◆ **Data shown**:
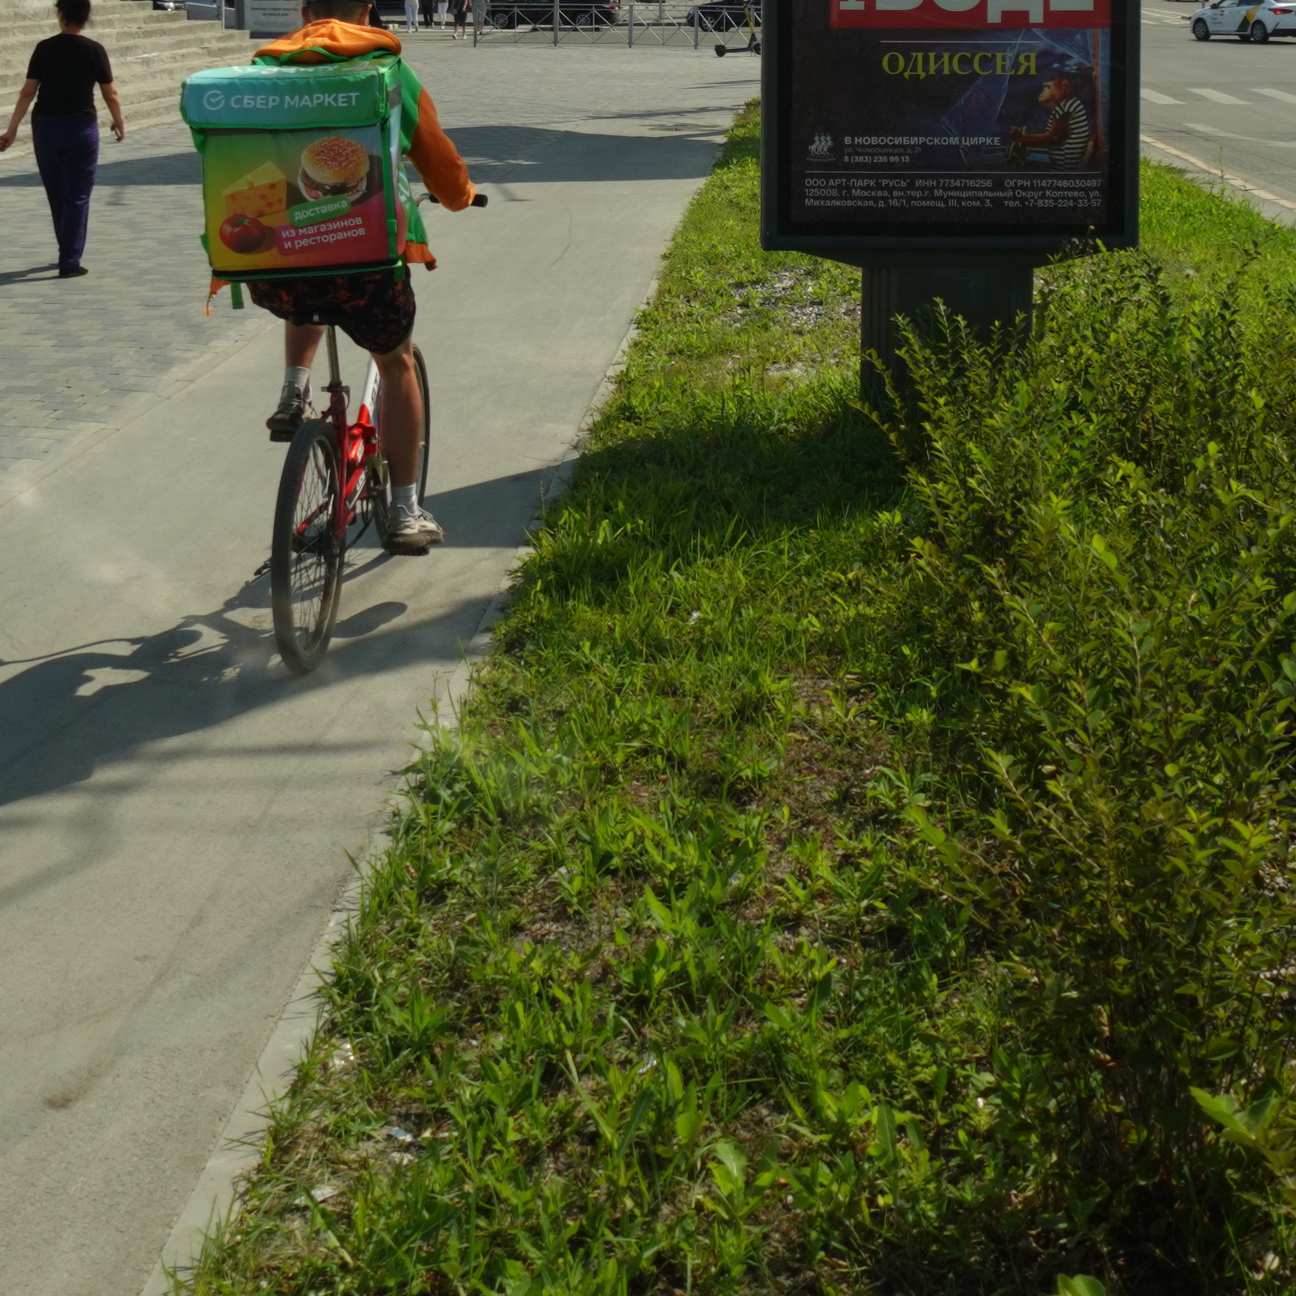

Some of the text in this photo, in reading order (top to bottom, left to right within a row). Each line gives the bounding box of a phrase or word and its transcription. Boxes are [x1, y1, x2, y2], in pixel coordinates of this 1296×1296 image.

[881, 51, 1038, 80] ОДИССЕЯ
[230, 92, 360, 109] СБЕР МАРКЕТ
[844, 136, 1001, 147] В НОВОСИБИРСКОМ ЦИРКЕ
[804, 178, 827, 187] ООО
[828, 178, 876, 187] АРТ-ПАРК
[915, 178, 937, 187] ИНН
[1004, 178, 1031, 187] ОГРН
[293, 199, 348, 222] доставка
[281, 217, 363, 239] из магазинов
[284, 227, 366, 250] и ресторанов

◆ **Work order**: Could you write out the whole listing exactly, dropping the pictures?

◆ **Exercise response**:
Some of the text in this photo, in reading order (top to bottom, left to right within a row). Each line gives the bounding box of a phrase or word and its transcription. Boxes are [x1, y1, x2, y2], in pixel coordinates of this 1296×1296 image.

[881, 51, 1038, 80] ОДИССЕЯ
[230, 92, 360, 109] СБЕР МАРКЕТ
[844, 136, 1001, 147] В НОВОСИБИРСКОМ ЦИРКЕ
[804, 178, 827, 187] ООО
[828, 178, 876, 187] АРТ-ПАРК
[915, 178, 937, 187] ИНН
[1004, 178, 1031, 187] ОГРН
[293, 199, 348, 222] доставка
[281, 217, 363, 239] из магазинов
[284, 227, 366, 250] и ресторанов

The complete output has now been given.